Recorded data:
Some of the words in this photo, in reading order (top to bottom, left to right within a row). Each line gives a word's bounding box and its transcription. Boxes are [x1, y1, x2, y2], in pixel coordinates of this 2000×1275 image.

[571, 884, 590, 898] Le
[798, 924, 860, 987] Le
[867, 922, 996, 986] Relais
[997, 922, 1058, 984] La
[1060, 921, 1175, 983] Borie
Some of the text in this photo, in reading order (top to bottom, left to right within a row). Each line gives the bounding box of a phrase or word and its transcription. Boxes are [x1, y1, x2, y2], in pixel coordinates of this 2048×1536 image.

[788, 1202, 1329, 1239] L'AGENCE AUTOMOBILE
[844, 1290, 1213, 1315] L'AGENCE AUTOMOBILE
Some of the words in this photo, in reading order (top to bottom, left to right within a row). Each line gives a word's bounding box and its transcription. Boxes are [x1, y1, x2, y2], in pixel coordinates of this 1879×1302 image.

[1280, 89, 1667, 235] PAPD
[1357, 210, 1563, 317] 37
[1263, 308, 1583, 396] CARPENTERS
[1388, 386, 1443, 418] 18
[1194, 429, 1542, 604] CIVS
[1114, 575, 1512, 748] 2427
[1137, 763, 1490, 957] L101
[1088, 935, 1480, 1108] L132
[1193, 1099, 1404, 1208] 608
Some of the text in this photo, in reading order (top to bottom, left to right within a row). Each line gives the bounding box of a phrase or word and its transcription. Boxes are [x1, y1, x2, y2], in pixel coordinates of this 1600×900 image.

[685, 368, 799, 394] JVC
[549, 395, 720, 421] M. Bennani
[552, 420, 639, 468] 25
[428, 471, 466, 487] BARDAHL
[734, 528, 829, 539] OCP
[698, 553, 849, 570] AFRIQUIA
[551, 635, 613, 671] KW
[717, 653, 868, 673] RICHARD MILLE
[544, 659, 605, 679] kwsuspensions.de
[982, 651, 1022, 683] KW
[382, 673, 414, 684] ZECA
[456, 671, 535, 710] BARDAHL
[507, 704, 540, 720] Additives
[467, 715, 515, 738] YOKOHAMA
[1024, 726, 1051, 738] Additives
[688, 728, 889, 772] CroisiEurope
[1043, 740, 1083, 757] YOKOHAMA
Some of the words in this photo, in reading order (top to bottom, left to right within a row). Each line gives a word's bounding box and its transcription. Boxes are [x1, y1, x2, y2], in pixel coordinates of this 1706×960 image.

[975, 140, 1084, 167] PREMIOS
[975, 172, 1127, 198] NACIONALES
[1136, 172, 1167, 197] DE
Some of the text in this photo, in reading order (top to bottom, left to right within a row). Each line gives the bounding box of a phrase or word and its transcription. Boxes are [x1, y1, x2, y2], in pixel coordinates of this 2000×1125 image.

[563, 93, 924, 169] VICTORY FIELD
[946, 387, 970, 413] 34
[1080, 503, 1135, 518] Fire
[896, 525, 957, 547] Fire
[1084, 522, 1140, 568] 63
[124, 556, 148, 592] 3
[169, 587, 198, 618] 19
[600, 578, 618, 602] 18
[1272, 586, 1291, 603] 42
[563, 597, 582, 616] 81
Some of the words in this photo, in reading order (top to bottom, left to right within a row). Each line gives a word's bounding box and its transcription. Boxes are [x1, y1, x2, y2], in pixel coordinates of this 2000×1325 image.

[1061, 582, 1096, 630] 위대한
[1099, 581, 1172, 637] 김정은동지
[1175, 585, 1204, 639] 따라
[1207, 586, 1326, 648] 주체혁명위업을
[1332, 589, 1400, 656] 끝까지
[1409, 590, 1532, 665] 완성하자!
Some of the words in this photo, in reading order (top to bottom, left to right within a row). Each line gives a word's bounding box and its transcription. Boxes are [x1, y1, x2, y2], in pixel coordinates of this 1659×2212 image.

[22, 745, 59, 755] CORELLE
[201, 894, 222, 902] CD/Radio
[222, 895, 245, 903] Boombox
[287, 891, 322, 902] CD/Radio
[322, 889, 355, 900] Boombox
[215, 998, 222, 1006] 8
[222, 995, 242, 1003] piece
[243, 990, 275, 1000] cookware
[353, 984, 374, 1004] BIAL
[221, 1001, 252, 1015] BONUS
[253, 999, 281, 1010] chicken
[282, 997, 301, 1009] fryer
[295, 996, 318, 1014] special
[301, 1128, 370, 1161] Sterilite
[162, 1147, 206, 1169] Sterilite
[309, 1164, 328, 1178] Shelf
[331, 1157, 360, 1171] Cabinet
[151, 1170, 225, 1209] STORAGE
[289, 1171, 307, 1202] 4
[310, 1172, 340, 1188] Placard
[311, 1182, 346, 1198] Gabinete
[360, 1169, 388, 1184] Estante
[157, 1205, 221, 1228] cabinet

Exercise:
Keep every word the same and copy out all of the entries.

Task output:
Some of the words in this photo, in reading order (top to bottom, left to right within a row). Each line gives a word's bounding box and its transcription. Boxes are [x1, y1, x2, y2], in pixel coordinates of this 2000×1275 image.

[571, 884, 590, 898] Le
[798, 924, 860, 987] Le
[867, 922, 996, 986] Relais
[997, 922, 1058, 984] La
[1060, 921, 1175, 983] Borie
Some of the text in this photo, in reading order (top to bottom, left to right within a row). Each line gives the bounding box of a phrase or word and its transcription. Boxes are [x1, y1, x2, y2], in pixel coordinates of this 2048×1536 image.

[788, 1202, 1329, 1239] L'AGENCE AUTOMOBILE
[844, 1290, 1213, 1315] L'AGENCE AUTOMOBILE
Some of the words in this photo, in reading order (top to bottom, left to right within a row). Each line gives a word's bounding box and its transcription. Boxes are [x1, y1, x2, y2], in pixel coordinates of this 1879×1302 image.

[1280, 89, 1667, 235] PAPD
[1357, 210, 1563, 317] 37
[1263, 308, 1583, 396] CARPENTERS
[1388, 386, 1443, 418] 18
[1194, 429, 1542, 604] CIVS
[1114, 575, 1512, 748] 2427
[1137, 763, 1490, 957] L101
[1088, 935, 1480, 1108] L132
[1193, 1099, 1404, 1208] 608
Some of the text in this photo, in reading order (top to bottom, left to right within a row). Each line gives the bounding box of a phrase or word and its transcription. Boxes are [x1, y1, x2, y2], in pixel coordinates of this 1600×900 image.

[685, 368, 799, 394] JVC
[549, 395, 720, 421] M. Bennani
[552, 420, 639, 468] 25
[428, 471, 466, 487] BARDAHL
[734, 528, 829, 539] OCP
[698, 553, 849, 570] AFRIQUIA
[551, 635, 613, 671] KW
[717, 653, 868, 673] RICHARD MILLE
[544, 659, 605, 679] kwsuspensions.de
[982, 651, 1022, 683] KW
[382, 673, 414, 684] ZECA
[456, 671, 535, 710] BARDAHL
[507, 704, 540, 720] Additives
[467, 715, 515, 738] YOKOHAMA
[1024, 726, 1051, 738] Additives
[688, 728, 889, 772] CroisiEurope
[1043, 740, 1083, 757] YOKOHAMA
Some of the words in this photo, in reading order (top to bottom, left to right within a row). Each line gives a word's bounding box and its transcription. Boxes are [x1, y1, x2, y2], in pixel coordinates of this 1706×960 image.

[975, 140, 1084, 167] PREMIOS
[975, 172, 1127, 198] NACIONALES
[1136, 172, 1167, 197] DE
Some of the text in this photo, in reading order (top to bottom, left to right within a row). Each line gives the bounding box of a phrase or word and its transcription. Boxes are [x1, y1, x2, y2], in pixel coordinates of this 2000×1125 image.

[563, 93, 924, 169] VICTORY FIELD
[946, 387, 970, 413] 34
[1080, 503, 1135, 518] Fire
[896, 525, 957, 547] Fire
[1084, 522, 1140, 568] 63
[124, 556, 148, 592] 3
[169, 587, 198, 618] 19
[600, 578, 618, 602] 18
[1272, 586, 1291, 603] 42
[563, 597, 582, 616] 81
Some of the words in this photo, in reading order (top to bottom, left to right within a row). Each line gives a word's bounding box and its transcription. Boxes are [x1, y1, x2, y2], in pixel coordinates of this 2000×1325 image.

[1061, 582, 1096, 630] 위대한
[1099, 581, 1172, 637] 김정은동지
[1175, 585, 1204, 639] 따라
[1207, 586, 1326, 648] 주체혁명위업을
[1332, 589, 1400, 656] 끝까지
[1409, 590, 1532, 665] 완성하자!
Some of the words in this photo, in reading order (top to bottom, left to right within a row). Each line gives a word's bounding box and its transcription. Boxes are [x1, y1, x2, y2], in pixel coordinates of this 1659×2212 image.

[22, 745, 59, 755] CORELLE
[201, 894, 222, 902] CD/Radio
[222, 895, 245, 903] Boombox
[287, 891, 322, 902] CD/Radio
[322, 889, 355, 900] Boombox
[215, 998, 222, 1006] 8
[222, 995, 242, 1003] piece
[243, 990, 275, 1000] cookware
[353, 984, 374, 1004] BIAL
[221, 1001, 252, 1015] BONUS
[253, 999, 281, 1010] chicken
[282, 997, 301, 1009] fryer
[295, 996, 318, 1014] special
[301, 1128, 370, 1161] Sterilite
[162, 1147, 206, 1169] Sterilite
[309, 1164, 328, 1178] Shelf
[331, 1157, 360, 1171] Cabinet
[151, 1170, 225, 1209] STORAGE
[289, 1171, 307, 1202] 4
[310, 1172, 340, 1188] Placard
[311, 1182, 346, 1198] Gabinete
[360, 1169, 388, 1184] Estante
[157, 1205, 221, 1228] cabinet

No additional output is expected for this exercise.